Content for the broadcast/multicast services is often provided by third parties who use the functionality of the mobile network to broadcast or multicast the provided content. The third-party typically encrypts multimedia content using one or more content keys to insure that only authorized users can decrypt the transmitted multimedia content. Some mobile networks implement a Generic Bootstrapping Architecture (GBA) to reuse parameters associated with the Global System for Mobile communications (GSM) and/or the Universal Mobile Telecommunication Service (UMTS). For example, the GSM and/or UMTS parameters may be used to derive a root key (or registration key), which is then used to form a service key in the carrier broadcast network layer. The service key may then be used to protect the content keys when they are transmitted over the carrier mobile network.
However, not all networks and/or mobile units provide a mechanism for deriving the registration keys needed for broadcast/multicast security. For example, mobile units that operate according to CDMA1x implement a 64-bit security scheme called ANSI TIA/EIA-41, which was developed by the Telecommunication Industry Association (TIA), the Electronics Industry Association (EIA), and others. The TIA/EIA-41 security scheme provides mutual authentication between a home authentication center (e.g., a Home Location Register/Authentication Center, HLR/AuC) and a user identity module (UIM), such as a removable user identity module (R-UIM), which is typically a card that can be inserted into a mobile shell, or an integrated UIM.
In the TIA/EIA-41 security scheme, a private key, such as a 64-bit random secret known as the A-KEY, is pre-provisioned to a well-protected database in the HLR/AuC and the R-UIM. The private key may be used to secure the wireless link between the HLR/AuC and the R-UIM. For example, the private key may be used to generate a temporary secondary key (known as the shared secret data, SSD, key). The system may then initiate a global challenge authentication by providing a random number (RAND) to the R-UIM, which computes a short digital signature:
AUTHR=ƒ(RAND, SSD_A, ESN, AUTH_DATA),
where ƒ( ) is a standardized function called CAVE, SSD_A is a selected portion of the SSD key, ESN is the electronic serial number associated with the R-UIM, and AUTH_DATA is populated based on the mobile unit's mobile identification number (MIN). The R-UIM provides the AUTHR digital signature to the system (e.g., the HLR/AuC), which may validate the R-UIM based on the AUTHR digital signature. The R-UIM and the HLR/AuC may also compute additional keys, such as a 64-bit signaling message key (SMEKEY) and a 520-bit voice privacy mask (VPM), which may be used as a seed to generate a private long code mask (PLCM), as opposed to the public long code mask that may be generated from the publicly known electronic serial number (ESN) of the mobile.

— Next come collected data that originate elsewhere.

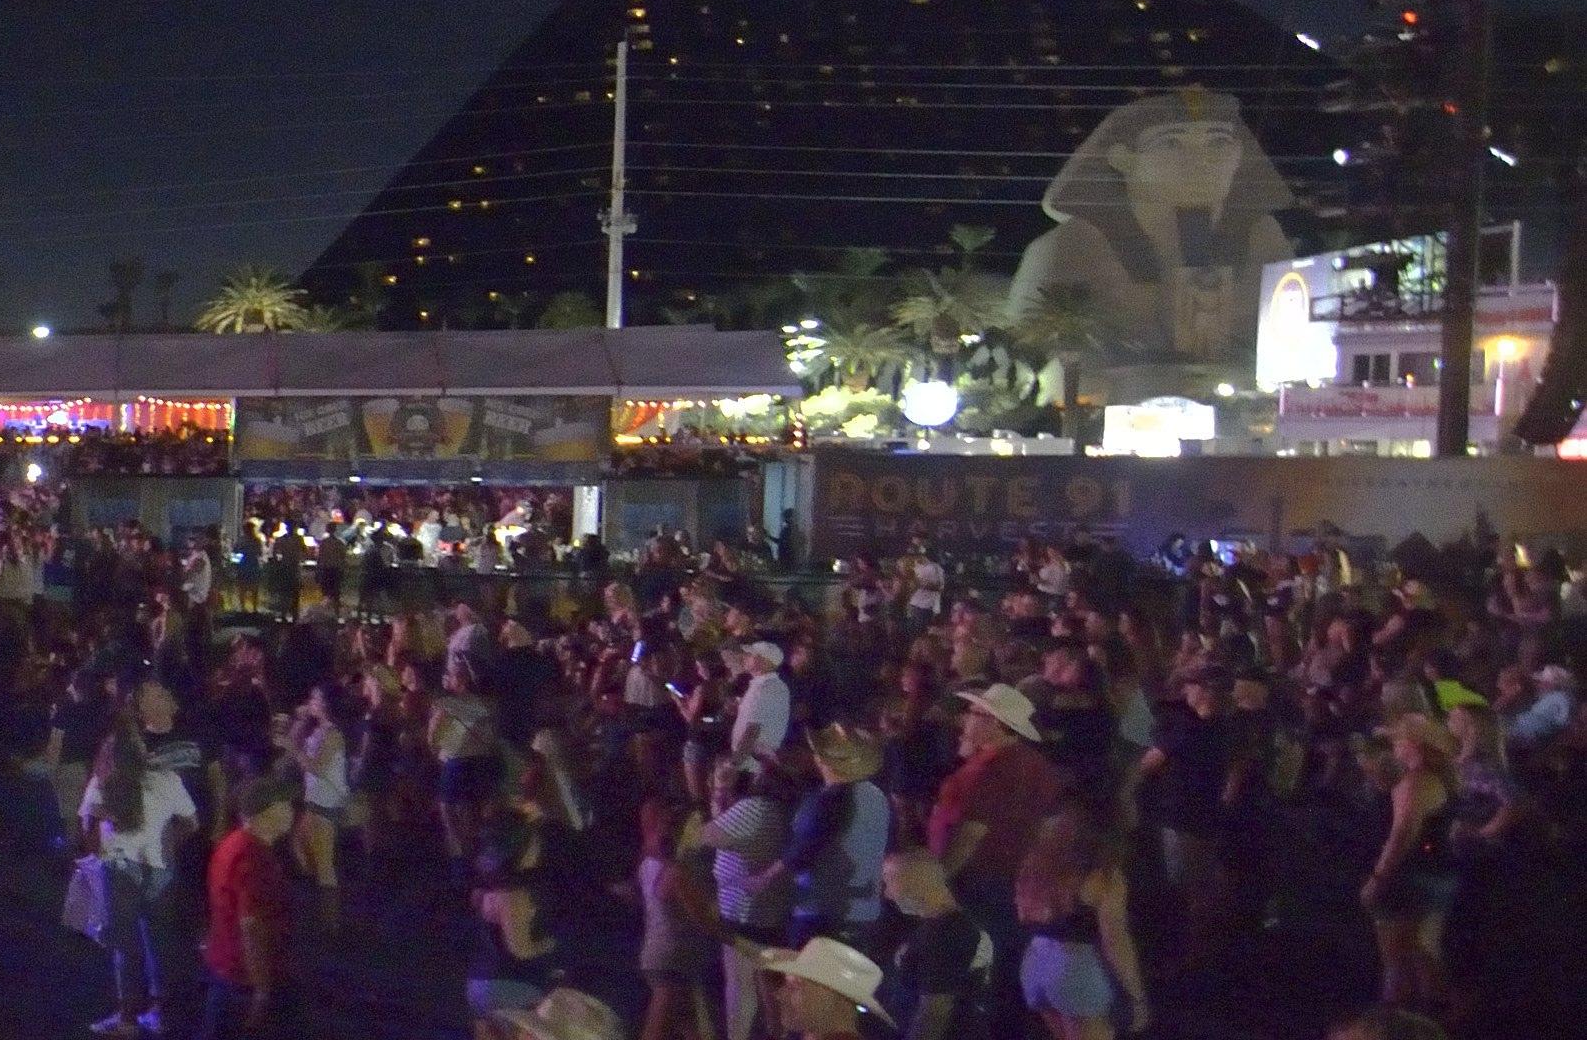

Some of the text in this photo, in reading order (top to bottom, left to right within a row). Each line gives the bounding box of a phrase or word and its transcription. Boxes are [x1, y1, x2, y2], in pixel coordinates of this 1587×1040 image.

[826, 472, 1133, 517] ROUTE 91
[874, 519, 1080, 541] HARVEST
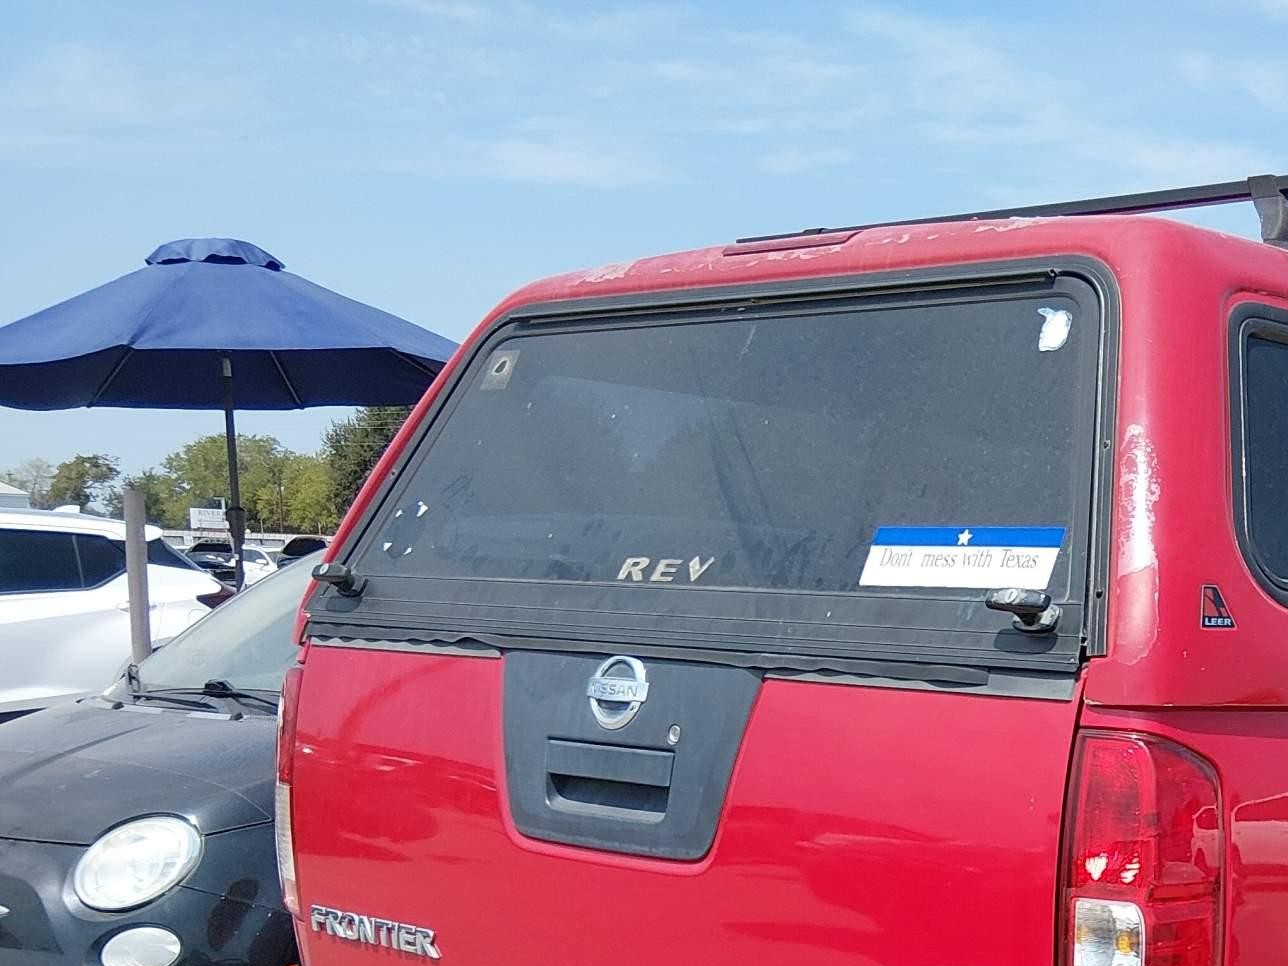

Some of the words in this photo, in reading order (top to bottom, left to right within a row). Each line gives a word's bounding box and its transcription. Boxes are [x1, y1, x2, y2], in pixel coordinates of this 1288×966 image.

[616, 555, 715, 582] REV
[920, 552, 958, 568] mess
[961, 549, 993, 568] with
[999, 548, 1039, 569] Texas
[1204, 617, 1232, 626] LEER
[592, 681, 638, 698] NISSAN
[311, 904, 442, 959] FRONTIER
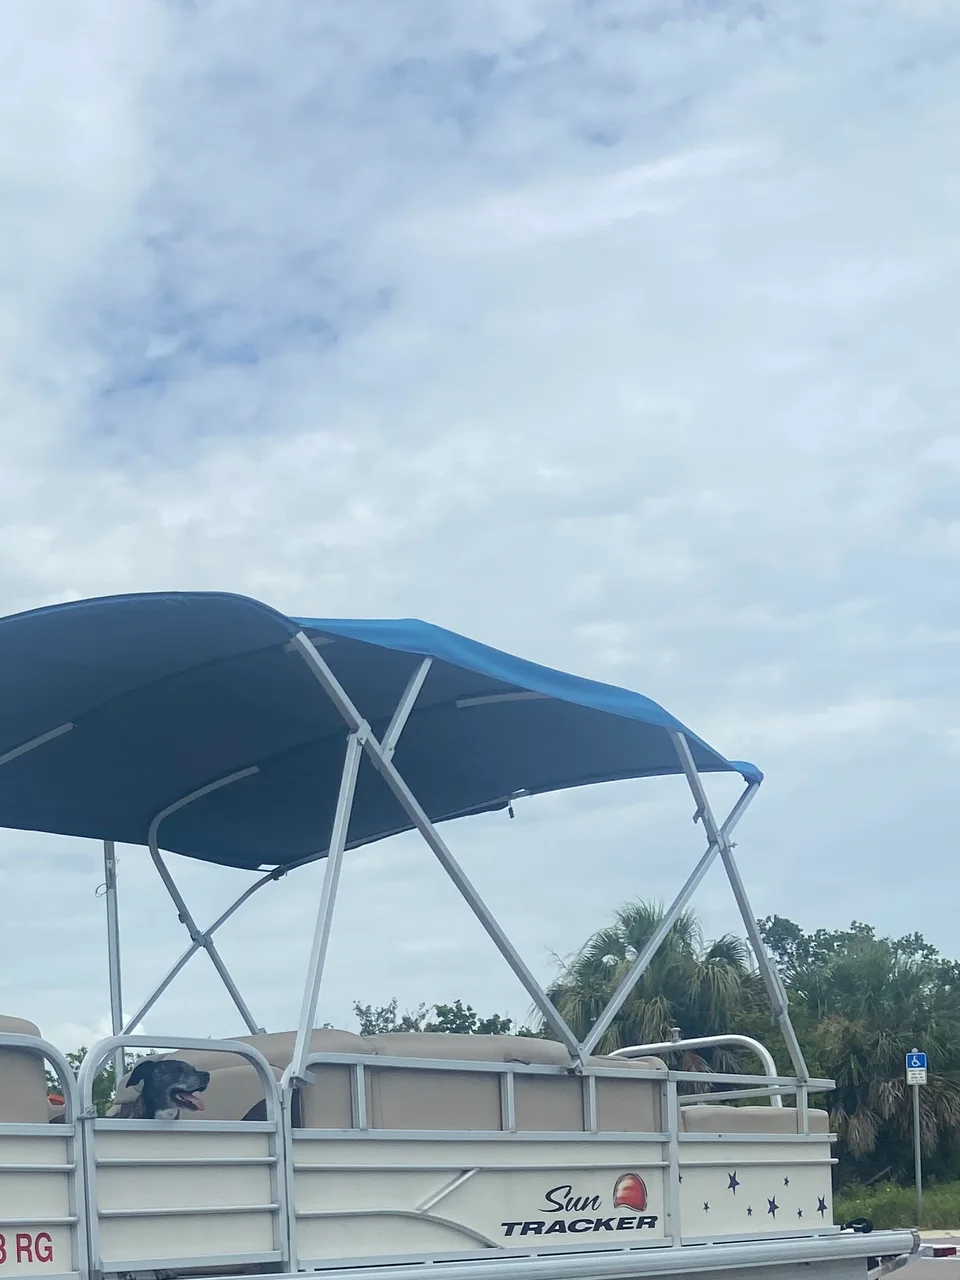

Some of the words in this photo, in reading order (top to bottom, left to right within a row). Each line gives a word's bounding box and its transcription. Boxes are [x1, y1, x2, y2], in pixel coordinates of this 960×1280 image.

[538, 1185, 602, 1213] Sun
[500, 1215, 659, 1237] TRACKER
[15, 1232, 54, 1263] RG
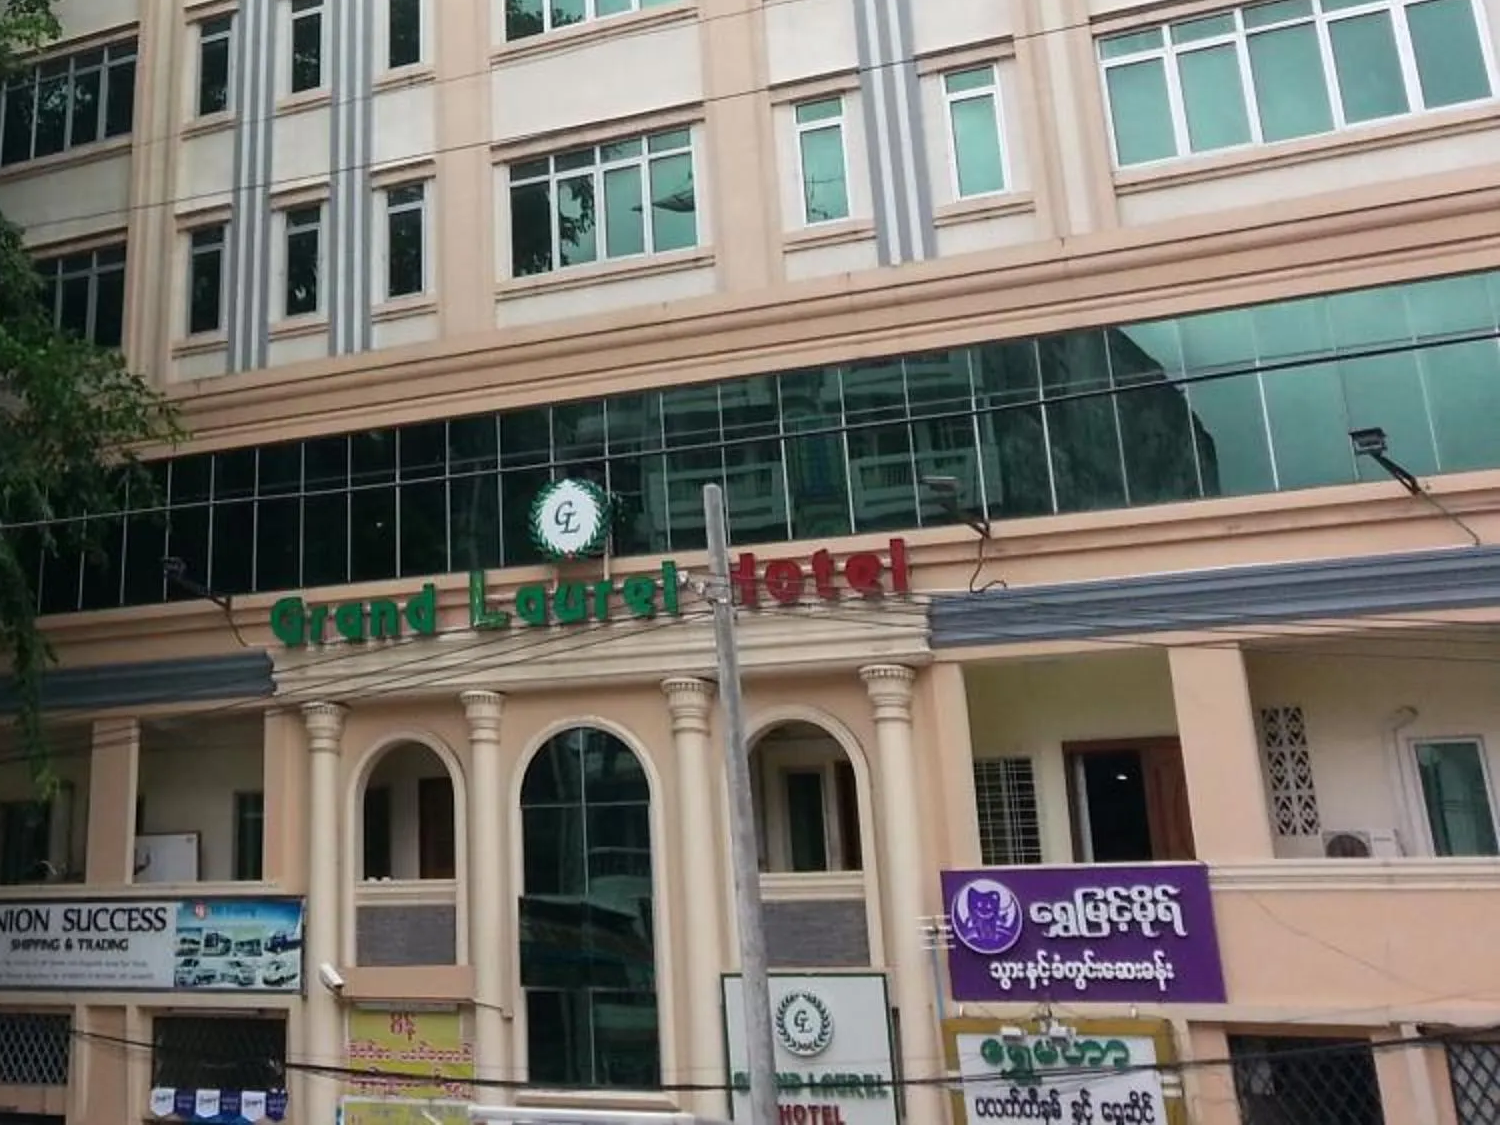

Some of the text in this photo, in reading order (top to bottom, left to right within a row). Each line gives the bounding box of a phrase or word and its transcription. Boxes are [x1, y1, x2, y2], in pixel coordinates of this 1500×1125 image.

[270, 583, 436, 647] Grand
[469, 560, 679, 631] Laurel
[62, 906, 167, 933] SUCCESS
[10, 937, 61, 952] SHIPPING
[78, 937, 129, 952] TRADING
[777, 1103, 848, 1125] HOTEL
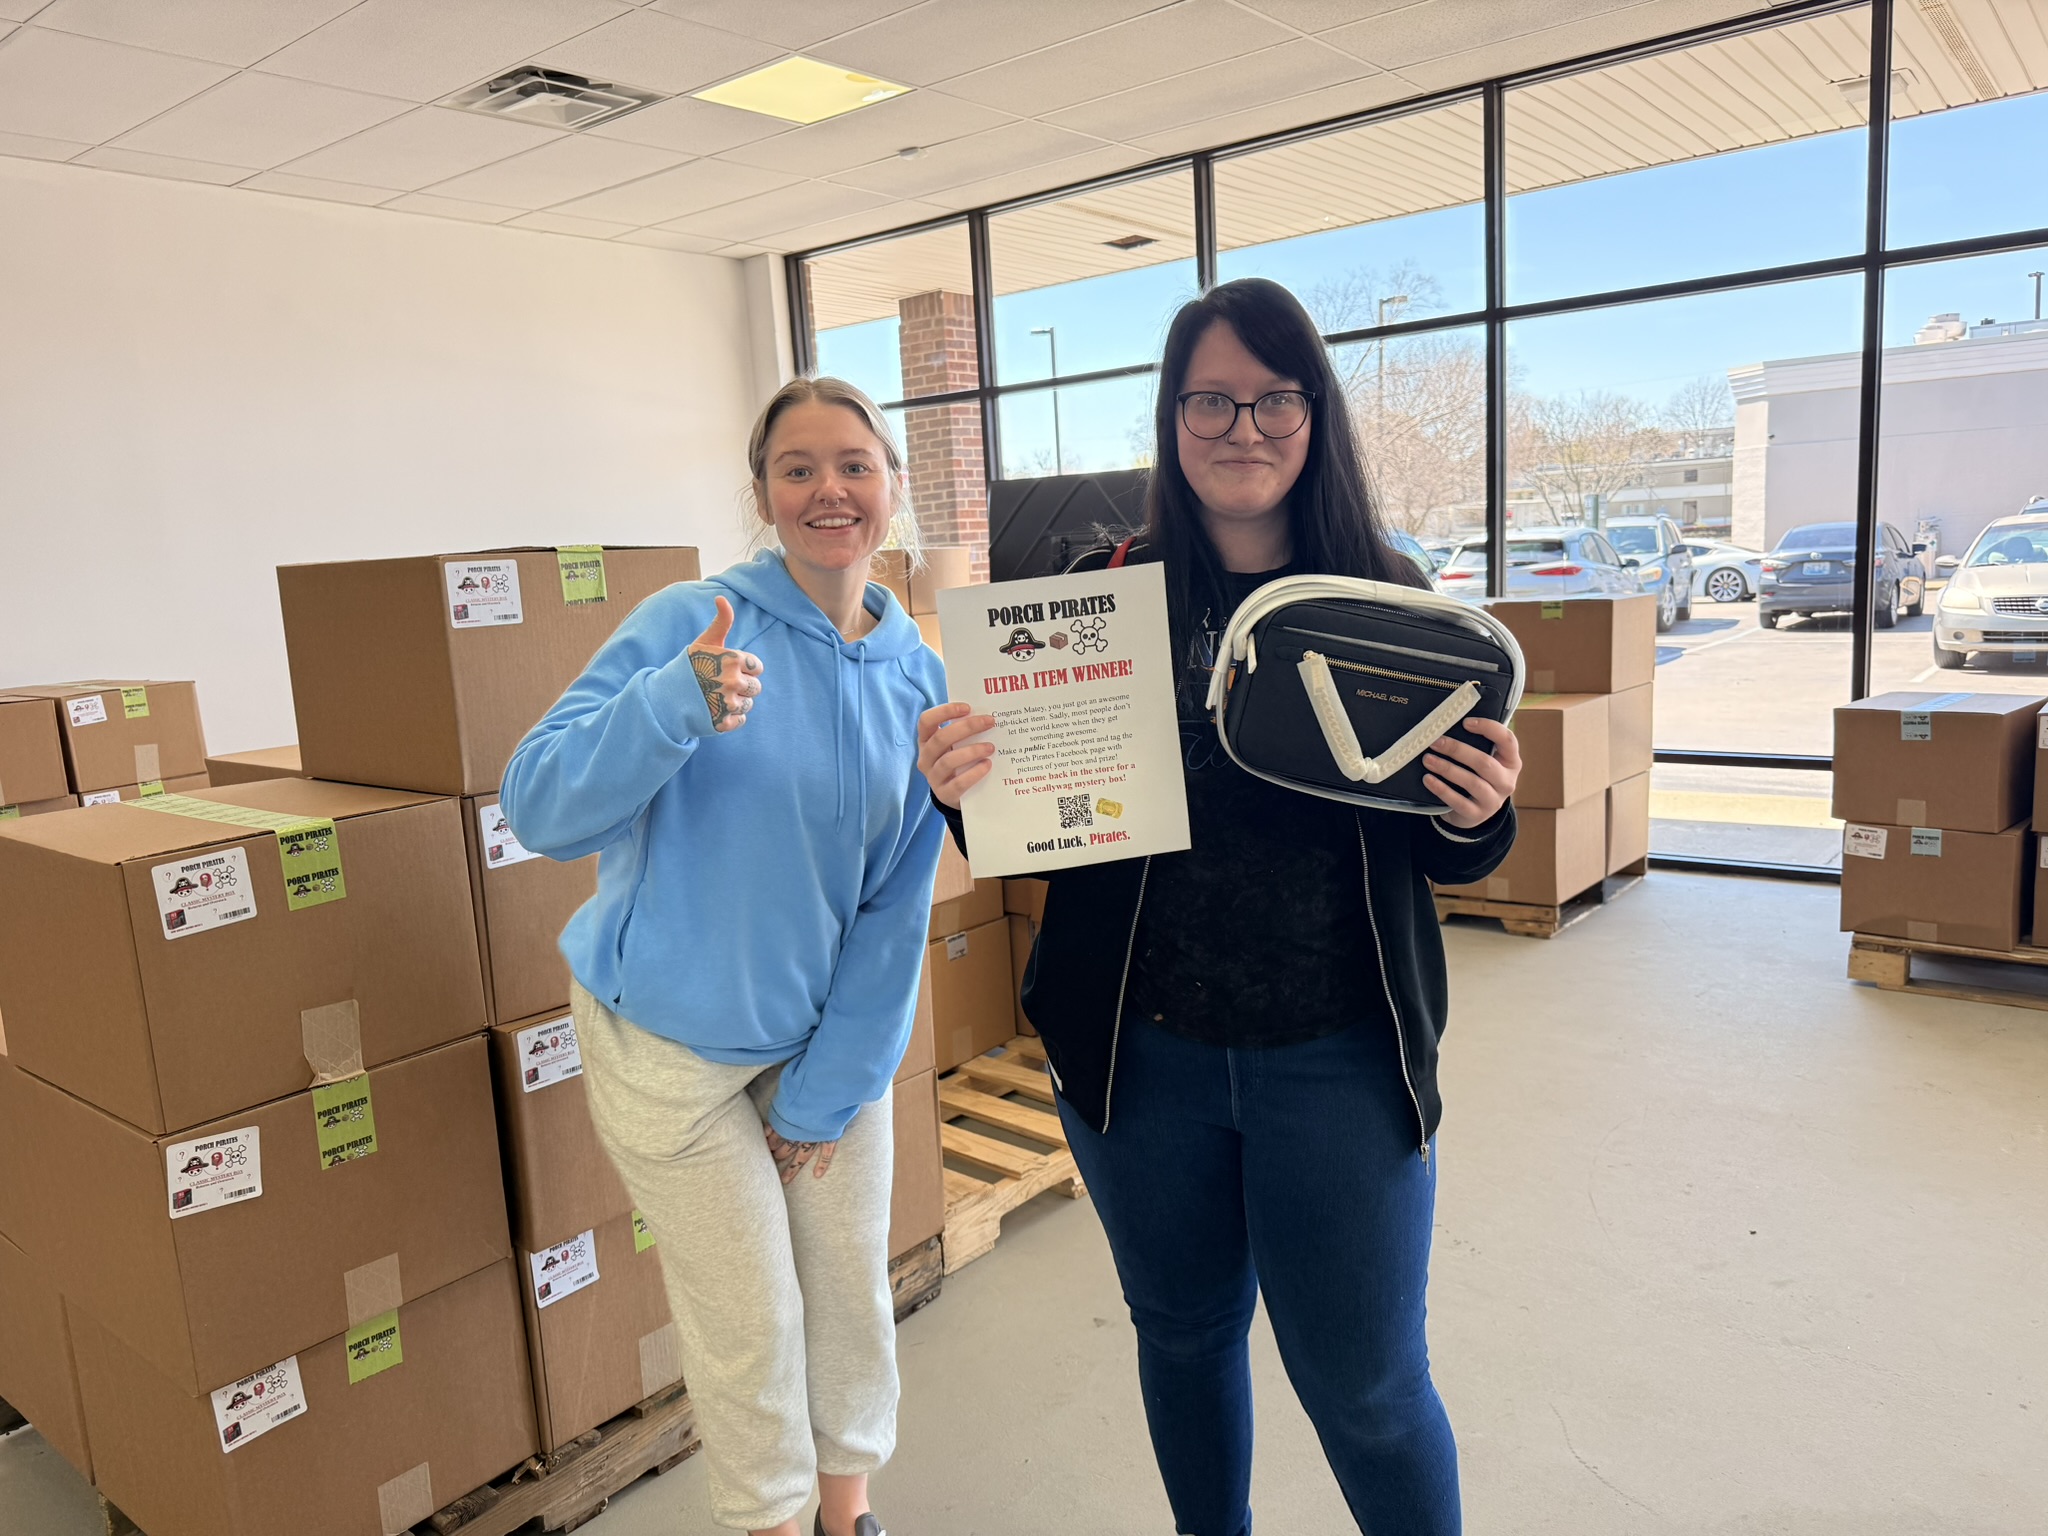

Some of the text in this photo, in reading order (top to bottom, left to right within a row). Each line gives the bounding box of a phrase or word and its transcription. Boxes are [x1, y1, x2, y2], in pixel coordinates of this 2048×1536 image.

The TIA/EIA-41 security scheme does not provide a mechanism to generate the registration keys used in the broadcast/multicast security schemes described above. Thus, mobile units that operate according to the CDMA1x protocol, or other protocols that implement security schemes like the TIA/EIA-41 security scheme, cannot generate the temporary keys that are used to protect the broadcast access keys that are transmitted to the mobile unit. Consequently, the mobile units cannot generate session keys that are used to encrypt and decrypt the content keys issued by third-party multimedia content providers. Without a secure mechanism for transmitting content keys to authorized users, multimedia content providers are left with two undesirable choices: providing insecure multimedia content that may be accessed by unauthorized (e.g., non-paying) users and/or losing potential revenue by not providing multimedia content to mobile units that operate according to the CDMA1x protocol.
SUMMARY OF THE INVENTIONThe present invention is directed to addressing the effects of one or more of the problems set forth above. The following presents a simplified summary of the invention in order to provide a basic understanding of some aspects of the invention. This summary is not an exhaustive overview of the invention. It is not intended to identify key or critical elements of the invention or to delineate the scope of the invention. Its sole purpose is to present some concepts in a simplified form as a prelude to the more detailed description that is discussed later.
In one embodiment of the present invention, a method is provided involving a mobile shell, a user identity module communicatively coupled to the mobile shell, a home location register, and a broadcast/multicast controller. One embodiment of the method may be implemented in the home location register and includes receiving, at the home location register, a first random number provided by the broadcast/multicast controller and forming, at the home location register, a registration key based on the first random number. The registration key is derivable by the user identity module based on a second random number derived from the first random number. The method also includes providing the registration key to the broadcast/multicast controller.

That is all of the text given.